#### Records shown
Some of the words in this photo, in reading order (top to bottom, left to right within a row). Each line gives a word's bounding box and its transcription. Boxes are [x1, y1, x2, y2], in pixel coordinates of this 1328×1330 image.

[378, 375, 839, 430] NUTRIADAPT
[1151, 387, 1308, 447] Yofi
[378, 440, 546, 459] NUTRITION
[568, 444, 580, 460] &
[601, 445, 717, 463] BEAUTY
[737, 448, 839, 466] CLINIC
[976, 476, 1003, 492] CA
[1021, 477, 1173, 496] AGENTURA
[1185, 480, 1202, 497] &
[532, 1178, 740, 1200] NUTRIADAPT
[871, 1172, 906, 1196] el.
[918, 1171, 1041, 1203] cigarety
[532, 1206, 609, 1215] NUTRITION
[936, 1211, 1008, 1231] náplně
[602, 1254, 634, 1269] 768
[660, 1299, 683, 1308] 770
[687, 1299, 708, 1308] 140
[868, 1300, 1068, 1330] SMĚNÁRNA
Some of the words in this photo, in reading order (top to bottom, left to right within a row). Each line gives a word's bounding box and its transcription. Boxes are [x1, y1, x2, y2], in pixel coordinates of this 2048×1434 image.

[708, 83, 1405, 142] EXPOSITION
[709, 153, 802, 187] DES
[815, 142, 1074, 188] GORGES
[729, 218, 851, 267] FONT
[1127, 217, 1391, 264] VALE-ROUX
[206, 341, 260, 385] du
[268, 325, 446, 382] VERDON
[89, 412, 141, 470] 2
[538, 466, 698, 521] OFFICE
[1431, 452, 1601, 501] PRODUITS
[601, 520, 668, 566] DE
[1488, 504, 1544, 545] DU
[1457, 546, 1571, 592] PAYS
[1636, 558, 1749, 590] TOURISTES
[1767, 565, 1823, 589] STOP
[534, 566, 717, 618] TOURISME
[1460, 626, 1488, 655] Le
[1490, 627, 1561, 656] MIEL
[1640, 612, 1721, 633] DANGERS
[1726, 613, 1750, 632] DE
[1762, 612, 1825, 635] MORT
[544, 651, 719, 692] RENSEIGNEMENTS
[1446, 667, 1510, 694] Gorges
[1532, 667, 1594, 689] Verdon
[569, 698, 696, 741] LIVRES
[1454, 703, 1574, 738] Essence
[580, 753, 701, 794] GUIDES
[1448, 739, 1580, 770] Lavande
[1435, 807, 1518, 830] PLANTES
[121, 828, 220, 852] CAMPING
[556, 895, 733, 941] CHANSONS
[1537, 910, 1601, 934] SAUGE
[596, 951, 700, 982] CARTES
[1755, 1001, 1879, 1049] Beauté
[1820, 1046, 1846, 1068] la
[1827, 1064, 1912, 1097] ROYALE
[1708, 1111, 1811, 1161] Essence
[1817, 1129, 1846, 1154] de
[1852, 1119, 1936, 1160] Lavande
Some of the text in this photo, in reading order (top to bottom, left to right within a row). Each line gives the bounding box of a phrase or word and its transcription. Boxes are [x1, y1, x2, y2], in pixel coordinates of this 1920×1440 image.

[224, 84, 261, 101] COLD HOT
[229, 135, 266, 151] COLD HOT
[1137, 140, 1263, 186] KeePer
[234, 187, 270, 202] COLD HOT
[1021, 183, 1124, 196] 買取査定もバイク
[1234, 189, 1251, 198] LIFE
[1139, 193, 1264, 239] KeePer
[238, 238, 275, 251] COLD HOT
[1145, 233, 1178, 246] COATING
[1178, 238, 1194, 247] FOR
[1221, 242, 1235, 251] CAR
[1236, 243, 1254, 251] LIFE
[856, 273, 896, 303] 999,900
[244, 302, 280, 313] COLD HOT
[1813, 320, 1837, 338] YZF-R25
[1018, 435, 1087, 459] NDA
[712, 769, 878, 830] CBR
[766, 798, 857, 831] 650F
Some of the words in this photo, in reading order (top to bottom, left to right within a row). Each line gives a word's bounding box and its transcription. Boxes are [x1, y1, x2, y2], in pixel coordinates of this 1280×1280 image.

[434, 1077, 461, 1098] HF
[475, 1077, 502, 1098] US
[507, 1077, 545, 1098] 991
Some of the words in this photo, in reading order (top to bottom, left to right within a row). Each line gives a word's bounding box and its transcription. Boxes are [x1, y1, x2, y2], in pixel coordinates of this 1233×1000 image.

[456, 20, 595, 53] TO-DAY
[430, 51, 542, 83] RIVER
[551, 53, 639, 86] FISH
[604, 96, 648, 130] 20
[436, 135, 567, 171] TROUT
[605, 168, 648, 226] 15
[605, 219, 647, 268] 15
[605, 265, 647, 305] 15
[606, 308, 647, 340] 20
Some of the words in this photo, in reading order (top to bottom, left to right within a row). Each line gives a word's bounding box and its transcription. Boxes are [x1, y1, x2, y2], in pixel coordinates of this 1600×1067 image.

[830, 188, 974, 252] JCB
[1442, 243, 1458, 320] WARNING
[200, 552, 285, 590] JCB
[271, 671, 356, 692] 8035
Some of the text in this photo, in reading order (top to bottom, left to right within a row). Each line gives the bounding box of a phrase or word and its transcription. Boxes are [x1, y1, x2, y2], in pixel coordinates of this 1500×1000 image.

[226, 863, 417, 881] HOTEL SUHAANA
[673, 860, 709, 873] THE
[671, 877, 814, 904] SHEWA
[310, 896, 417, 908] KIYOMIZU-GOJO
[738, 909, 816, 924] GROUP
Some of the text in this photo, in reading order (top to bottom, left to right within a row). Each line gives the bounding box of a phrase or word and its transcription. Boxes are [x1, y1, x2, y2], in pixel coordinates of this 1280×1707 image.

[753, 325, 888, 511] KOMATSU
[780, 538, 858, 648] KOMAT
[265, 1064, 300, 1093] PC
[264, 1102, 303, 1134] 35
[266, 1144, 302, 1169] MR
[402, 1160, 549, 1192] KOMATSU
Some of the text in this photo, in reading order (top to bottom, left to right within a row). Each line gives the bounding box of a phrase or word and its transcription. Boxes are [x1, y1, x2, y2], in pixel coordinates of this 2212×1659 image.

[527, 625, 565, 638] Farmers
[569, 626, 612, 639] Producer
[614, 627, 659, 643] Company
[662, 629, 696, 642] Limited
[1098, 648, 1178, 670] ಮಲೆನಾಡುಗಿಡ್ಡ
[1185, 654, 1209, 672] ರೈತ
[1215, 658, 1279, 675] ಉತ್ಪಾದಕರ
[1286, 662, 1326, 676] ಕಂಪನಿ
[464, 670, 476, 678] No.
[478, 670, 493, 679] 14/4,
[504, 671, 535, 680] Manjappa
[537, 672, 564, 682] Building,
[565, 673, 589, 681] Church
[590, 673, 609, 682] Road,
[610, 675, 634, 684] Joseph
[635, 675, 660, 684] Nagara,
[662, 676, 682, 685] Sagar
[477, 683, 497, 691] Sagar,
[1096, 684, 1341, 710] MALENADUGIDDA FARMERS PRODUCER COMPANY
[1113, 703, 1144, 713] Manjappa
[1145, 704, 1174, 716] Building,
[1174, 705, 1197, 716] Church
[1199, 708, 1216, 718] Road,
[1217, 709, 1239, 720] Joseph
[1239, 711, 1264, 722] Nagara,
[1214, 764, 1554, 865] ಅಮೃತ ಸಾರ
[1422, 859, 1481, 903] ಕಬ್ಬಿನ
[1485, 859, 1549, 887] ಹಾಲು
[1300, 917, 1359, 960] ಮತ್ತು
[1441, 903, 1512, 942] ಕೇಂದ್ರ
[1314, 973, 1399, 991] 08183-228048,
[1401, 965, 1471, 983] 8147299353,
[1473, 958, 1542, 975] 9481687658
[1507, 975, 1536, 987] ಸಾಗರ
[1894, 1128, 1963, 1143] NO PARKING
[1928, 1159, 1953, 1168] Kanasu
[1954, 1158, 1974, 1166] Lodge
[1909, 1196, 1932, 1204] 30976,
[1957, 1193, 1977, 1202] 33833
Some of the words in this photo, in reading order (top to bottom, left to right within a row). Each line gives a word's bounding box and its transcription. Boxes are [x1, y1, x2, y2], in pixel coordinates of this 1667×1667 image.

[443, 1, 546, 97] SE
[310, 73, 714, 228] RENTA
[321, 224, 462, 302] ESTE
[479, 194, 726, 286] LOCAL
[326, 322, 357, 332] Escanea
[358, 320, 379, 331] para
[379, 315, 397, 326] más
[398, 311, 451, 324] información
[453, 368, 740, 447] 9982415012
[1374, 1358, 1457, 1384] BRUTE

#### Work request
What you copy out must be exactly the lines from the line containing "this 2212×1659 image." through the end of the records.

#### Output for this exercise
Some of the text in this photo, in reading order (top to bottom, left to right within a row). Each line gives the bounding box of a phrase or word and its transcription. Boxes are [x1, y1, x2, y2], in pixel coordinates of this 2212×1659 image.

[527, 625, 565, 638] Farmers
[569, 626, 612, 639] Producer
[614, 627, 659, 643] Company
[662, 629, 696, 642] Limited
[1098, 648, 1178, 670] ಮಲೆನಾಡುಗಿಡ್ಡ
[1185, 654, 1209, 672] ರೈತ
[1215, 658, 1279, 675] ಉತ್ಪಾದಕರ
[1286, 662, 1326, 676] ಕಂಪನಿ
[464, 670, 476, 678] No.
[478, 670, 493, 679] 14/4,
[504, 671, 535, 680] Manjappa
[537, 672, 564, 682] Building,
[565, 673, 589, 681] Church
[590, 673, 609, 682] Road,
[610, 675, 634, 684] Joseph
[635, 675, 660, 684] Nagara,
[662, 676, 682, 685] Sagar
[477, 683, 497, 691] Sagar,
[1096, 684, 1341, 710] MALENADUGIDDA FARMERS PRODUCER COMPANY
[1113, 703, 1144, 713] Manjappa
[1145, 704, 1174, 716] Building,
[1174, 705, 1197, 716] Church
[1199, 708, 1216, 718] Road,
[1217, 709, 1239, 720] Joseph
[1239, 711, 1264, 722] Nagara,
[1214, 764, 1554, 865] ಅಮೃತ ಸಾರ
[1422, 859, 1481, 903] ಕಬ್ಬಿನ
[1485, 859, 1549, 887] ಹಾಲು
[1300, 917, 1359, 960] ಮತ್ತು
[1441, 903, 1512, 942] ಕೇಂದ್ರ
[1314, 973, 1399, 991] 08183-228048,
[1401, 965, 1471, 983] 8147299353,
[1473, 958, 1542, 975] 9481687658
[1507, 975, 1536, 987] ಸಾಗರ
[1894, 1128, 1963, 1143] NO PARKING
[1928, 1159, 1953, 1168] Kanasu
[1954, 1158, 1974, 1166] Lodge
[1909, 1196, 1932, 1204] 30976,
[1957, 1193, 1977, 1202] 33833
Some of the words in this photo, in reading order (top to bottom, left to right within a row). Each line gives a word's bounding box and its transcription. Boxes are [x1, y1, x2, y2], in pixel coordinates of this 1667×1667 image.

[443, 1, 546, 97] SE
[310, 73, 714, 228] RENTA
[321, 224, 462, 302] ESTE
[479, 194, 726, 286] LOCAL
[326, 322, 357, 332] Escanea
[358, 320, 379, 331] para
[379, 315, 397, 326] más
[398, 311, 451, 324] información
[453, 368, 740, 447] 9982415012
[1374, 1358, 1457, 1384] BRUTE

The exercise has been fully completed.